A Modern Life: Art and Design in British Columbia, 1945-1960
Review By Rhodri Windsor-Liscombe
November 4, 2013
BC Studies no. 146 Summer 2005 | p. 117-20
An early and still not inappropriate epithet for Vancouver is Terminal City. This epithet denotes not only a peripheral cultural as well as a geographical location but also the city’s potential for development, despite its tendency to parochialism. Those attributes apply to this handsomely produced book of illustrations from, and essays about, a recent exhibition of the arts and crafts produced in Vancouver in the decade around the 1949 Design for Living show – each, incidentally, mounted at the Vancouver Art Gallery.

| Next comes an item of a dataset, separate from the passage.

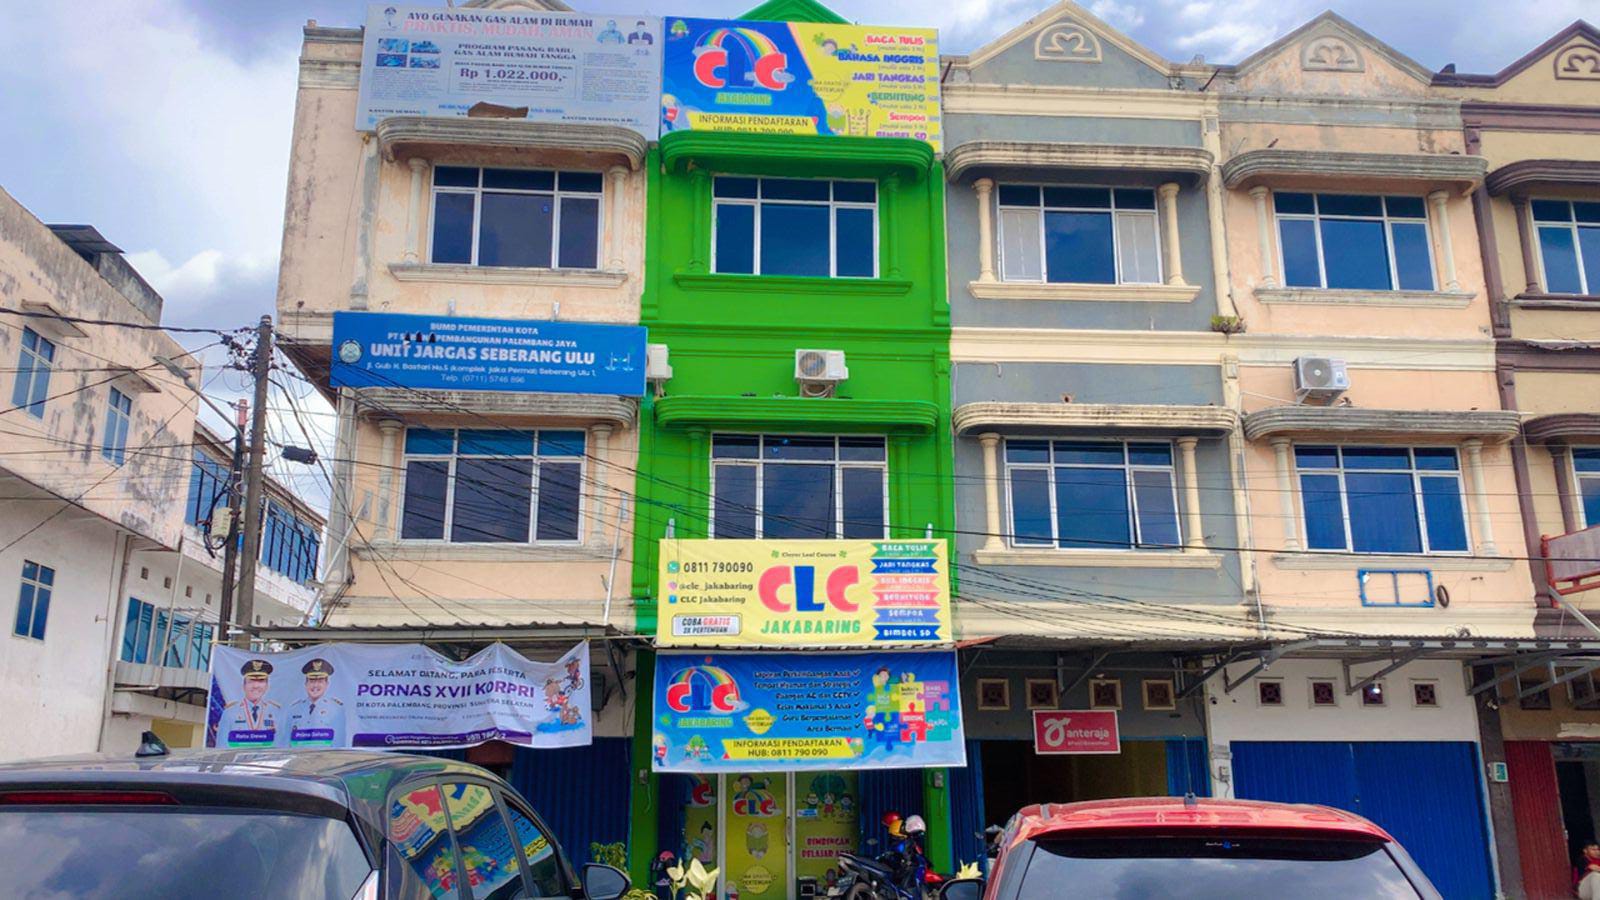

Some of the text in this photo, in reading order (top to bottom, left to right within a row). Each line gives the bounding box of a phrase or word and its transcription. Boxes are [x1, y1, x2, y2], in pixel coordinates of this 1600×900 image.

The major contribution of the original exhibition and current book is the collection of excellent examples, and colour photographs, of the pictures, sculptures, ceramics, and furniture produced in and around Vancouver from 1945 to 1960. In that respect it considerably expands on the comparable enterprise undertaken in 1983 with Vancouver Art and Artists, 1931-1983. The separate chapters written by Ian Thom and Alan Elder, curators of the exhibition, respectively review the wider cultural context and the important federal link established between what had, in an earlier era in Britain, been described as “Arts and Manufactures.” The postwar West Coast Canadian version of this was of a different mettle. It derived from a new interrelation between the public sphere and the emergent consumer economy situated in the suburban sprawl financed by Reconstruction government investment and Cold War rearmament. They and the remaining contributors touch on some of these factors.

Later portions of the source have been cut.